According to the above-described solid-state image pickup device of the present invention, the light receiving portion opening is formed in a square shape or in a shape symmetrical with respect to the vertical direction and the horizontal direction and having the same opening width in both directions, so that the resolution in both directions is improved. Will be equal.

As a result, the distortion of the input image can be reduced, and the image reading accuracy of the solid-state image pickup device can be improved.

[Brief description of drawings]

FIG. 1 is a schematic plan view of an embodiment of a CCD solid-state image sensor of the present invention.

FIG. 2A is a cross-sectional view of the CCD solid-state image sensor of FIG. 1 in the H direction. B is a cross-sectional view of the CCD solid-state image sensor of FIG. 1 in the V direction.
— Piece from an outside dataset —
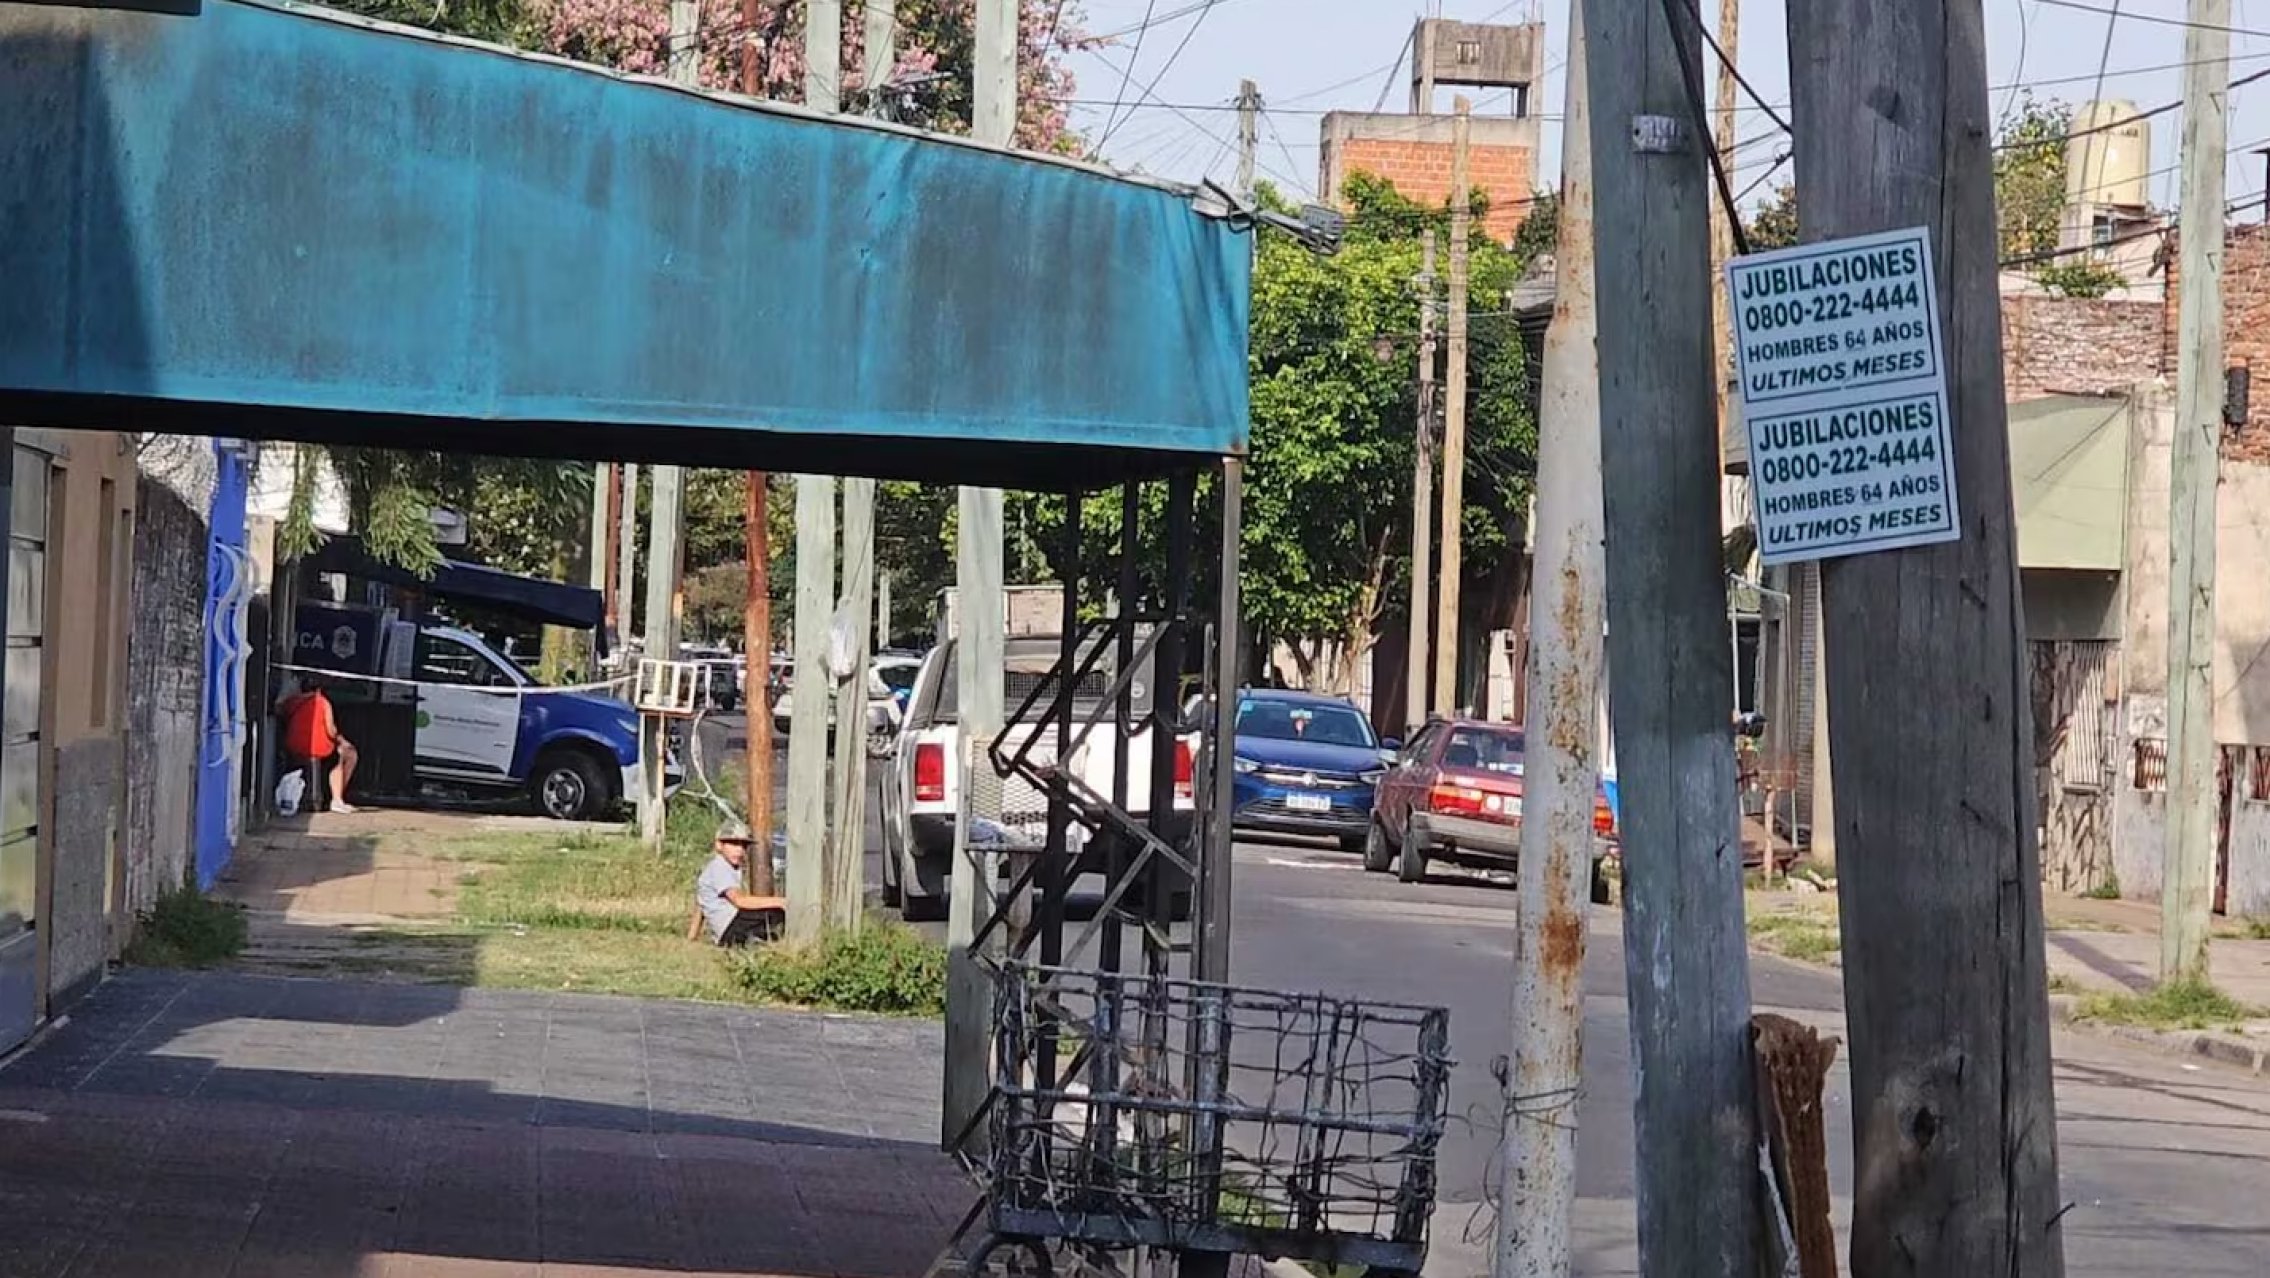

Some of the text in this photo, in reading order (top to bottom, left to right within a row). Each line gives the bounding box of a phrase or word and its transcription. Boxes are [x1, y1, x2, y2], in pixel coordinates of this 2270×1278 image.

FIG. 3 is a schematic plan view of another embodiment of the CCD solid-state imaging device of the present invention.

FIG. 4 is a schematic plan view of a conventional CCD solid-state imaging device.

5 is a sectional view of the CCD solid-state image sensor of FIG. 4 in the H direction. B is a cross-sectional view of the CCD solid-state image sensor of FIG. 4 in the V direction.

[Explanation of symbols]

1, 21, 40 CCD solid-state imaging device, 2, 51 semiconductor substrate, 3, 52 transparent layer, 11, 41 OCL (on-chip lens), 12, 22, 42 light receiving portion opening, 1
3,43 charge storage unit, 14,44 vertical transfer register,
15,45 Gate insulating film, 16,46 Transfer electrodes, 1
7,47 Interlayer insulating layer, 18,48 Light shielding metal layer, 1
9,49 passivation film, 20, 50 unit cells, 31 and 61 receiving unit, 32 and 62 reading gate portion, W _H, W _V opening width, L normal light, L 'oblique light

Claims (1)

[Claims] 1. A solid-state imaging device in which a unit cell corresponding to each pixel has a square shape, and a light receiving portion opening of each pixel has a square shape, or is symmetrical in a vertical direction and a horizontal direction, and the vertical direction is the same. And a width in the horizontal direction are equal to each other.